● **Work task**
No pictures go in the copy; retype exactly the lines from the one with "this 1800×1200 image." through the last line of the records.

─── Exercise material ───

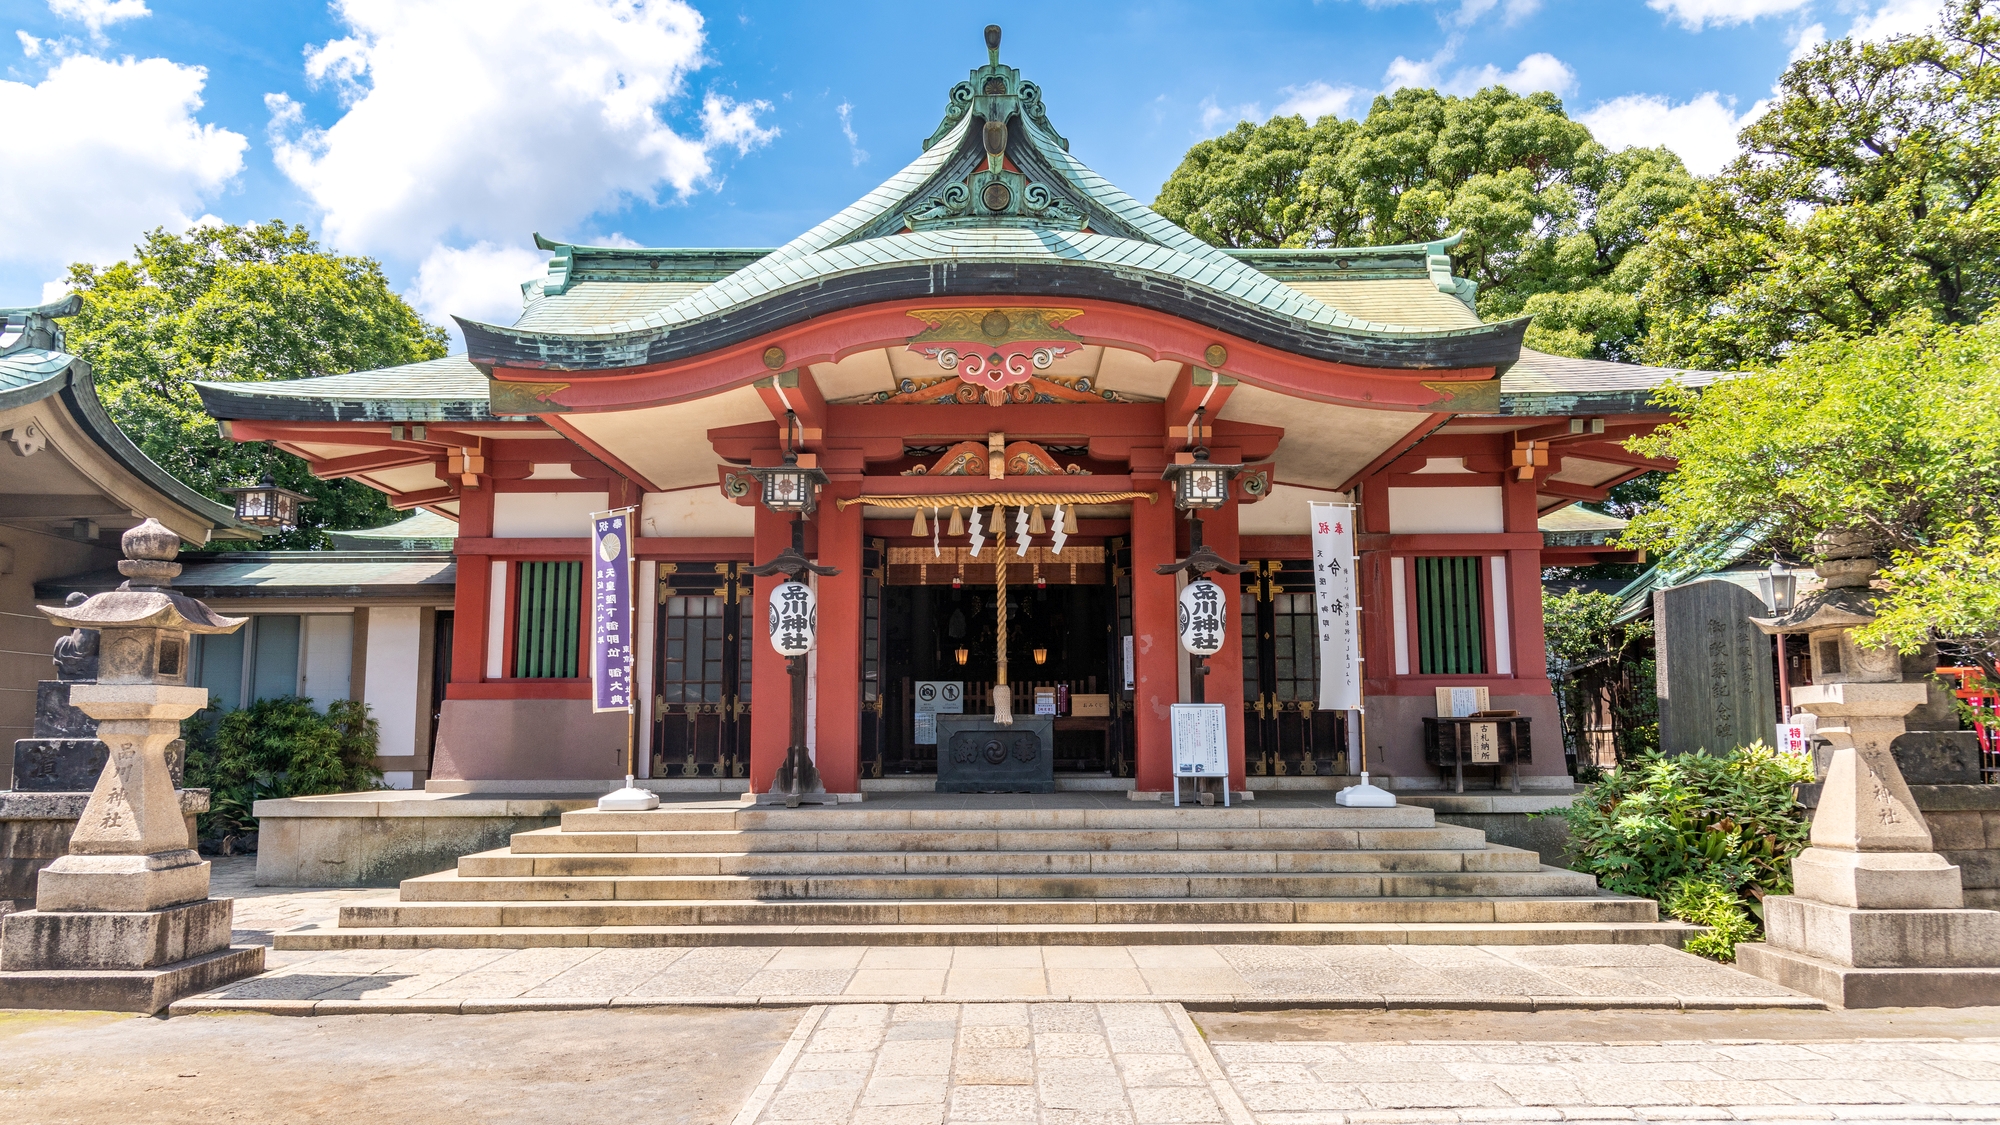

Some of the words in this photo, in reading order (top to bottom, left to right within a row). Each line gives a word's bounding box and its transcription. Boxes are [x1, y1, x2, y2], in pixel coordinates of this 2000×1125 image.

[781, 585, 808, 650] 品川神社
[1192, 584, 1219, 650] 品川神社
[1480, 724, 1490, 760] 古札納所
[1789, 727, 1802, 758] 特別
[99, 742, 136, 830] 品川神社
[1865, 741, 1901, 826] 品川神社
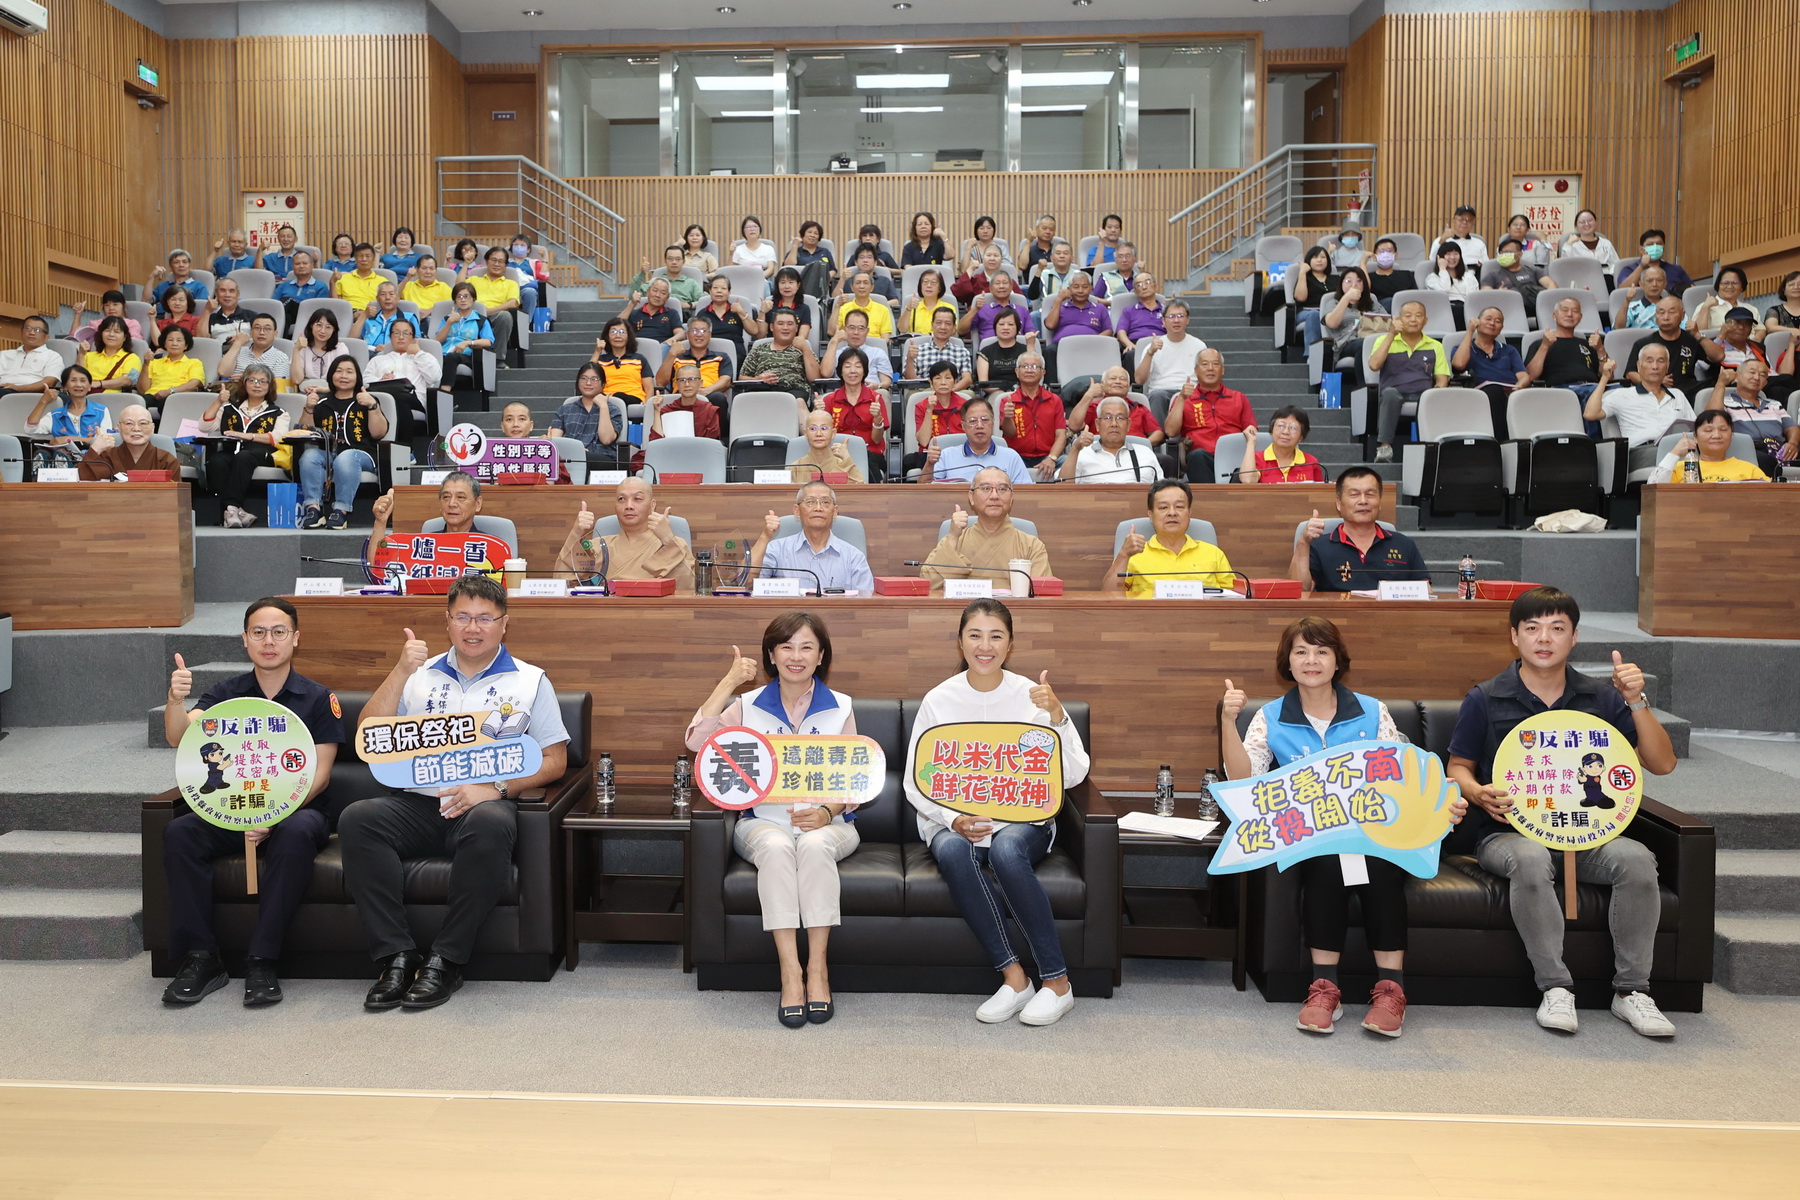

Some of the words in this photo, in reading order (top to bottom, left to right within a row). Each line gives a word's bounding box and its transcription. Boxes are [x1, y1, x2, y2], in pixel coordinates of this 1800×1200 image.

[492, 443, 552, 458] 性別平等
[386, 537, 487, 563] 一爐一香
[438, 683, 451, 714] 環境保
[221, 715, 287, 736] 反詐騙
[364, 716, 477, 754] 環保祭祀
[241, 739, 270, 752] 收取
[1539, 730, 1610, 748] 反詐騙
[234, 752, 278, 766] 提款卡
[285, 753, 303, 769] 詐
[413, 744, 526, 785] 節能減碳
[782, 745, 870, 766] 遠離毒品
[932, 739, 1050, 773] 以米代金
[1524, 754, 1553, 767] 要求
[235, 765, 279, 779] 及密碼
[709, 741, 761, 796] 毒
[1504, 769, 1575, 782] 去ATM解除
[1612, 769, 1632, 787] 詐
[243, 779, 271, 792] 即是
[781, 771, 870, 792] 珍惜生命
[930, 771, 1050, 807] 鮮花敬神
[1251, 746, 1402, 816] 拒毒不南
[1508, 783, 1573, 796] 分期付款
[1526, 797, 1557, 810] 即是
[1236, 788, 1388, 853] 從投開始
[1507, 802, 1617, 845] 投縣政府警察局南投分局
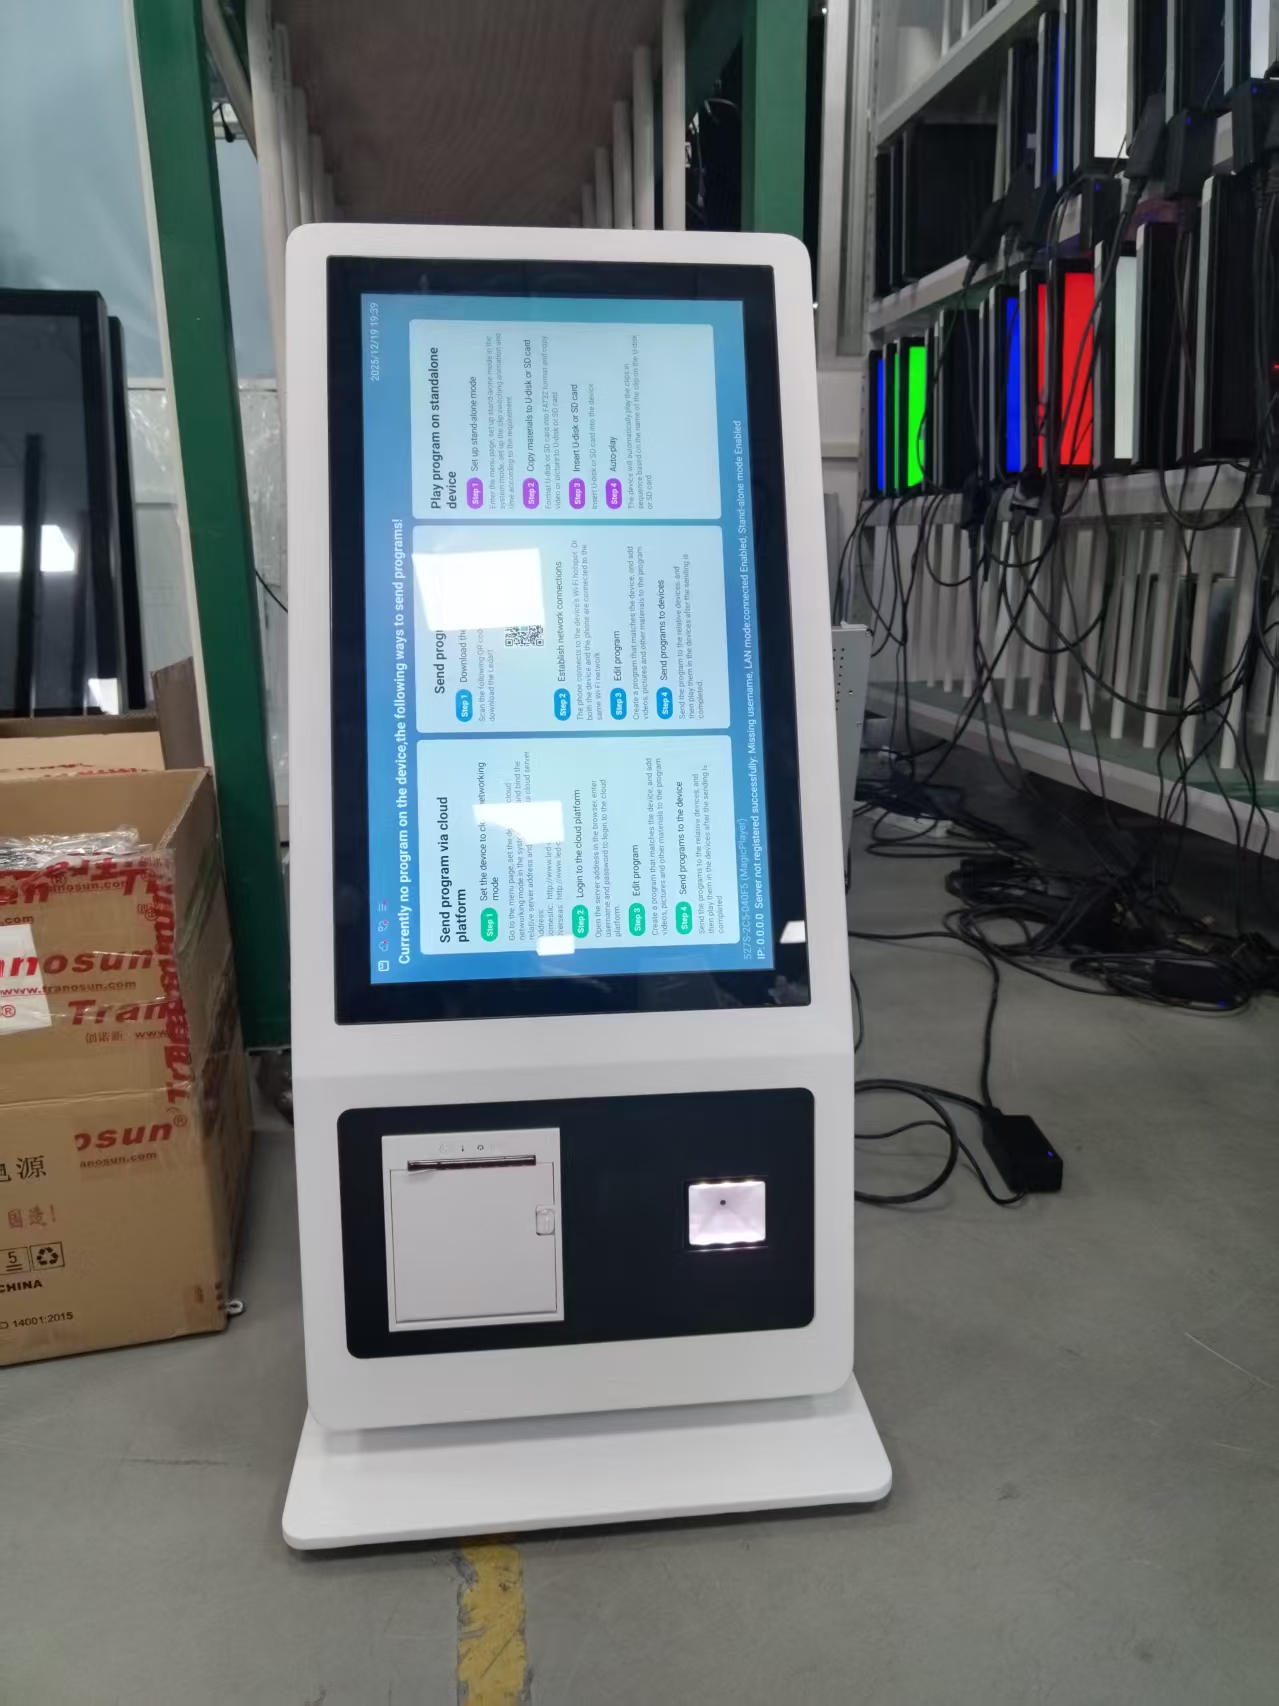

───

● **Task response**
Some of the words in this photo, in reading order (top to bottom, left to right within a row). Each line gives a word's bounding box and its transcription. Boxes are [x1, y1, x2, y2], in pixel coordinates of this 1800×1200 image.

[492, 443, 552, 458] 性別平等
[386, 537, 487, 563] 一爐一香
[438, 683, 451, 714] 環境保
[221, 715, 287, 736] 反詐騙
[364, 716, 477, 754] 環保祭祀
[241, 739, 270, 752] 收取
[1539, 730, 1610, 748] 反詐騙
[234, 752, 278, 766] 提款卡
[285, 753, 303, 769] 詐
[413, 744, 526, 785] 節能減碳
[782, 745, 870, 766] 遠離毒品
[932, 739, 1050, 773] 以米代金
[1524, 754, 1553, 767] 要求
[235, 765, 279, 779] 及密碼
[709, 741, 761, 796] 毒
[1504, 769, 1575, 782] 去ATM解除
[1612, 769, 1632, 787] 詐
[243, 779, 271, 792] 即是
[781, 771, 870, 792] 珍惜生命
[930, 771, 1050, 807] 鮮花敬神
[1251, 746, 1402, 816] 拒毒不南
[1508, 783, 1573, 796] 分期付款
[1526, 797, 1557, 810] 即是
[1236, 788, 1388, 853] 從投開始
[1507, 802, 1617, 845] 投縣政府警察局南投分局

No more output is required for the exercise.